A few blocks away, a glitzy bridal shop sat empty. A carpeted showroom housed shapely mannequins in sequined, imported gowns, but their faces were covered by masks or wigs, following Taliban instructions. The owner, Syed Hussain, said he had fewer customers now, as most brides could afford simple dresses sewn by local tailors.
“I am always worried and upset. Everyone in this country is upset,” Hussain said, fingering prayer beads nonstop. “We have no idea what will happen next or what our future will be like. When I see hundreds of messages on Facebook, many people trying to leave the country, I think I should take my family.”
Like half-covered statues, Taliban officials have taken other half-steps to enforce their strict Islamic code without turning the public against them. Weddings, the social glue of Afghan society, were already divided into separate rooms for men and women. The regime has allowed weddings to continue but banned live bands known for their ear-splitting, amplified vocals and drums.
The Taliban administration is working to modernize its bureaucracy and soften its international image. Government ministries now include trimly dressed businessmen and spokespeople. There are many Talibs, but they bear little resemblance to the men with Kalashnikov rifles and beards that ran the country in the late 1990s.

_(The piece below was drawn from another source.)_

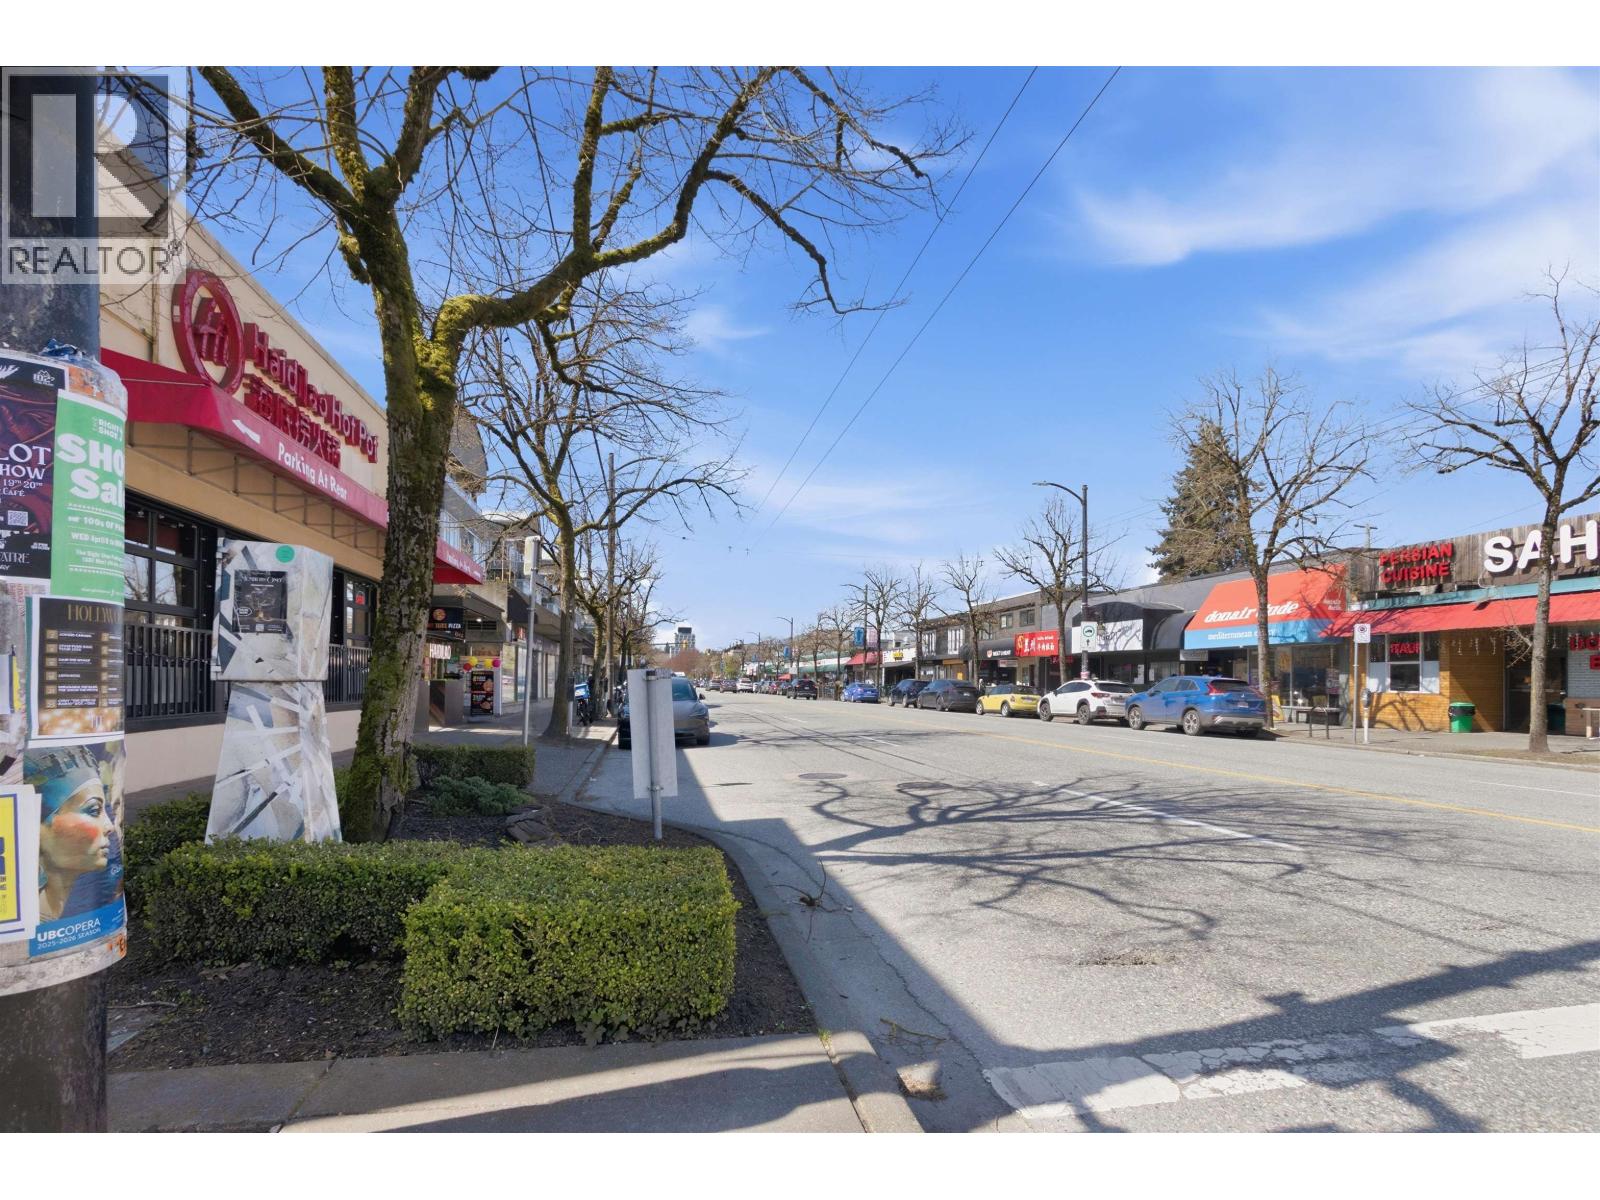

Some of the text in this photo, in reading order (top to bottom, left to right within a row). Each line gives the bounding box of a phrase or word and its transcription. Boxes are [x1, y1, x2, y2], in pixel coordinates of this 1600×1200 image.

At the international airport, arriving passengers are tossed through the once cumbersome immigration lines and uniformed female officers stamp passports in booths next to their male counterparts – even though the government has banned women from most public jobs except in hospitals and detention centers for women.
Inside the glitzy bank, overseas cash transfer services, until recently blocked by international sanctions, are efficiently processed by technicians sitting behind computer screens. The area is spotless and the scene is much more orderly than it was in the pre-Taliban era.
Outside, many women shop with their faces uncovered, without fear of punishment, although the government has advised people of childbearing age to veil themselves in public or, if possible, not leave the house at all. The new rules prohibit women from traveling long distances without a male escort.
Officials refer to the orders as “guidance” only and there have been no reports of women being beaten up in the capital for indecent dressing. But in the rural areas, the religious authorities have begun to impose severe punishments on both criminals and moral offenders. In Zabul province, authorities recently announced the public flogging of two thieves and an adulterous couple.
Such mixed signals have fueled public opinion on one of today’s most sensitive issues: whether and when the Taliban will allow girls beyond the sixth grade to attend school. Since May, when the government abruptly reneged on its promise to return older girls to the classroom, officials have offered various explanations: the curriculum needs to be reformed; Religious scholars are divided; Some rural men do not want their daughters to leave home.
The wait has become a growing source of anguish and frustration for families in Kabul, whose teenage daughters have been homebound for months — and whose youngest fears what will happen when he finishes sixth grade.
“I feel very sorry for my daughter,” said Ghulam Haider, 38, an engineer who lost his job at a foreign construction company when the Taliban took over. As the family gathers in their parlor on a recent evening, 13-year-old Samia sits shyly on a sofa, looking depressed.
“She loves school, and she’s very bright,” Haider said. Although many of their friends had left the country, the family planned to stay. “We want to see Afghanistan become peaceful and prosperous,” he said. “But now, for her future, we are also thinking of leaving.”